- Instructions for the task
An exact copy of every entry below is required, and no picture may appear in it.

[Referring expression grounding data]
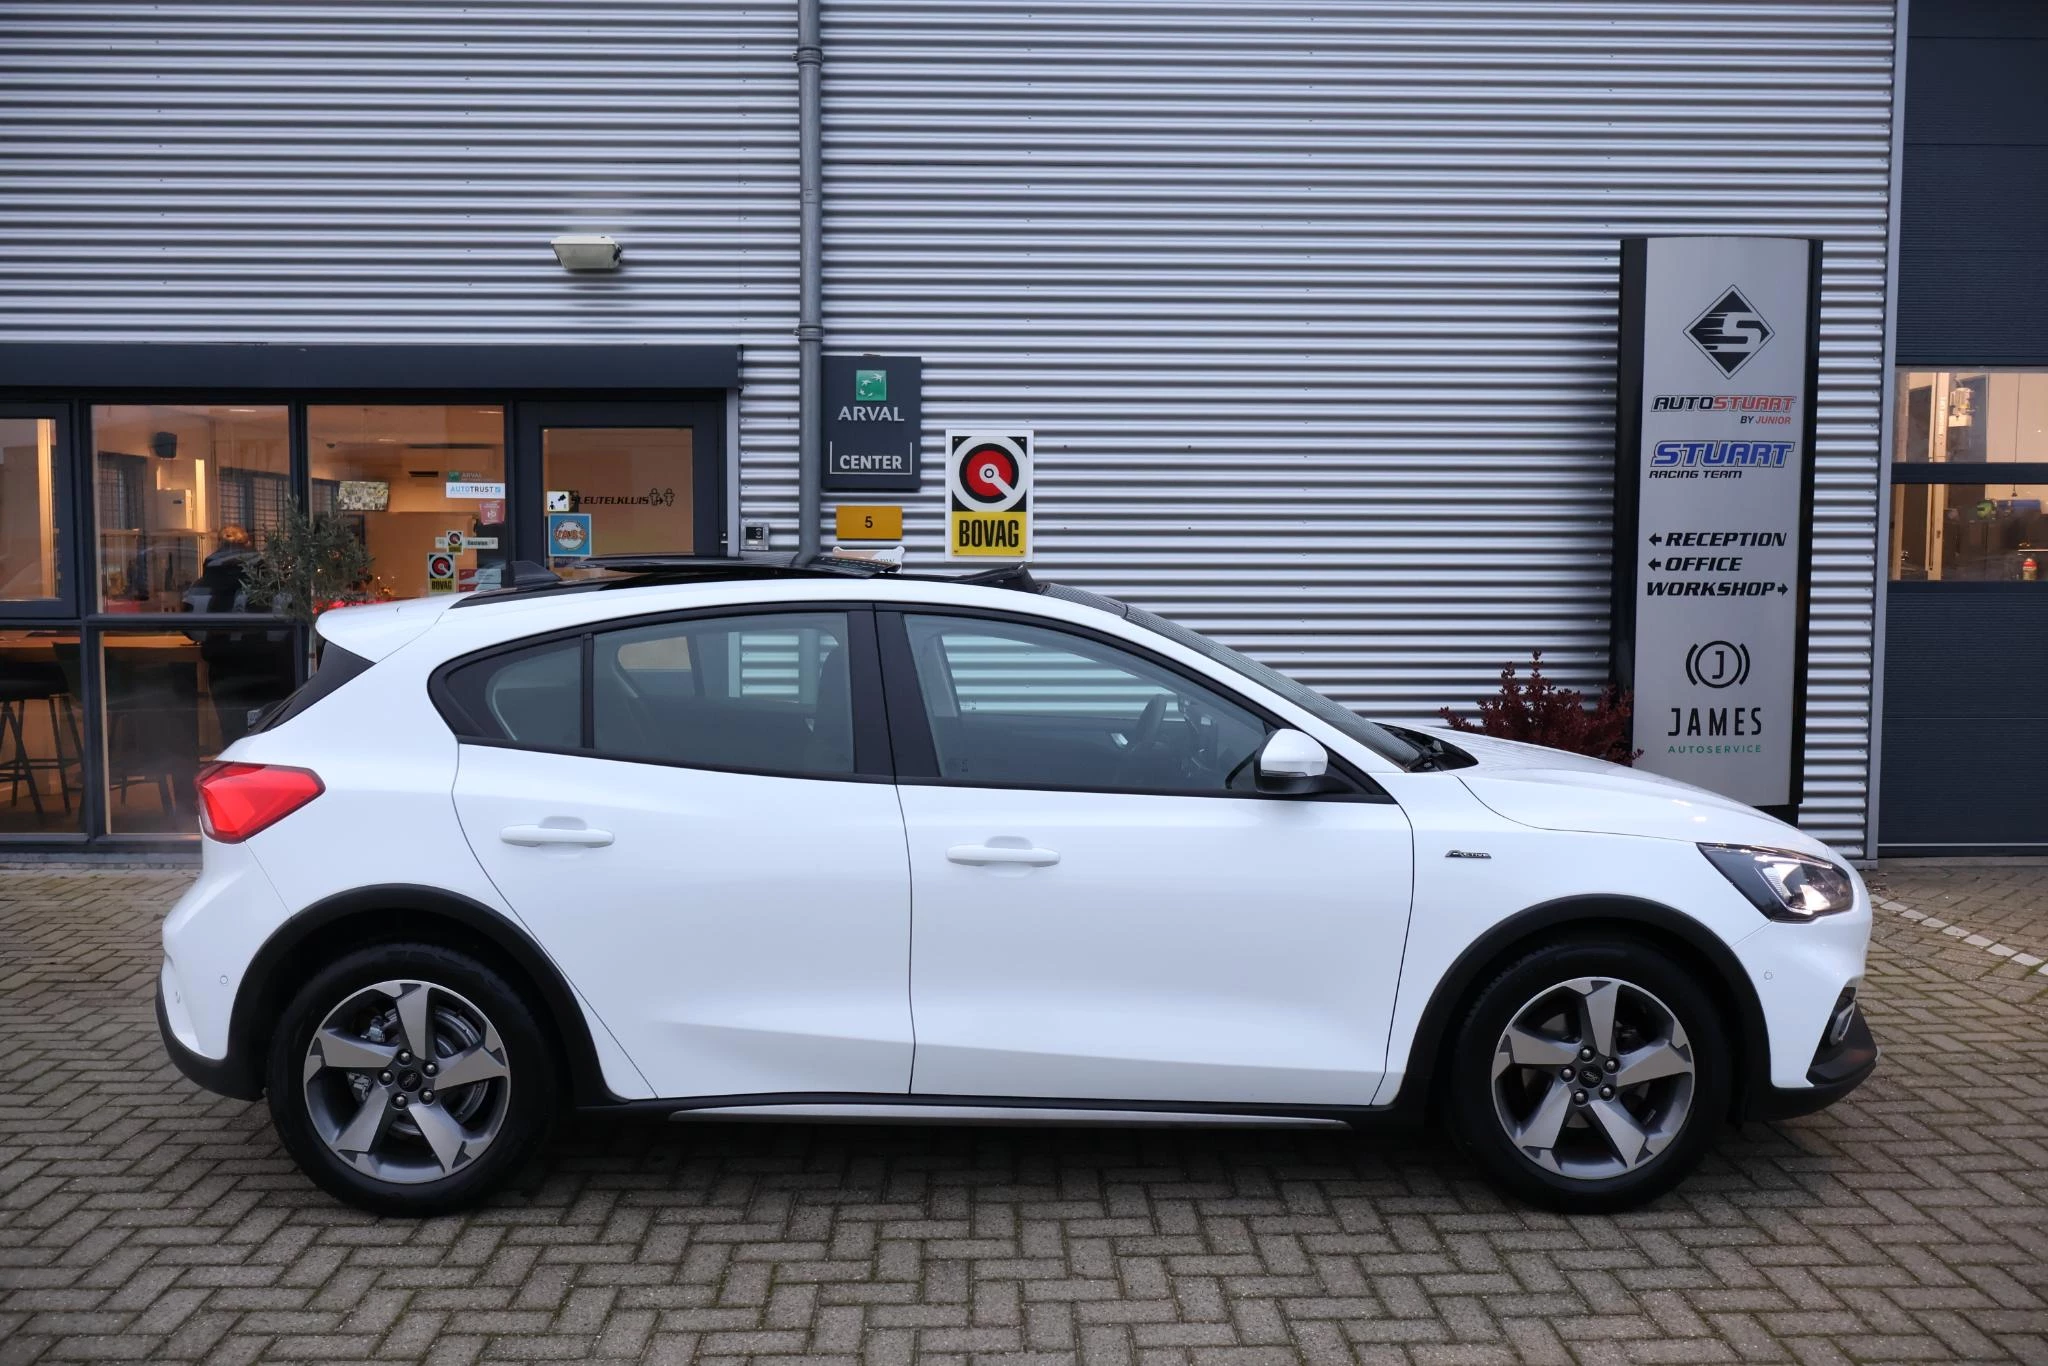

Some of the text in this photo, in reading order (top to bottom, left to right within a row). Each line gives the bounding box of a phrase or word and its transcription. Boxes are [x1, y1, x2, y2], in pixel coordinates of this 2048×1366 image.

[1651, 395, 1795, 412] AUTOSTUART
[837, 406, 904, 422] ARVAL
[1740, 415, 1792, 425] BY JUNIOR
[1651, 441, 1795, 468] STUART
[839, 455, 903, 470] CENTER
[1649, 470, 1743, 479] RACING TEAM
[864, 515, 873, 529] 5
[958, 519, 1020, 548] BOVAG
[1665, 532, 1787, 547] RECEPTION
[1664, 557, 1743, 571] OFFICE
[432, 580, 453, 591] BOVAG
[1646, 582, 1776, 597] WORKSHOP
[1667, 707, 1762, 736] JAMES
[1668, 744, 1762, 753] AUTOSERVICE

- Written solution
Some of the text in this photo, in reading order (top to bottom, left to right within a row). Each line gives the bounding box of a phrase or word and its transcription. Boxes are [x1, y1, x2, y2], in pixel coordinates of this 2048×1366 image.

[1651, 395, 1795, 412] AUTOSTUART
[837, 406, 904, 422] ARVAL
[1740, 415, 1792, 425] BY JUNIOR
[1651, 441, 1795, 468] STUART
[839, 455, 903, 470] CENTER
[1649, 470, 1743, 479] RACING TEAM
[864, 515, 873, 529] 5
[958, 519, 1020, 548] BOVAG
[1665, 532, 1787, 547] RECEPTION
[1664, 557, 1743, 571] OFFICE
[432, 580, 453, 591] BOVAG
[1646, 582, 1776, 597] WORKSHOP
[1667, 707, 1762, 736] JAMES
[1668, 744, 1762, 753] AUTOSERVICE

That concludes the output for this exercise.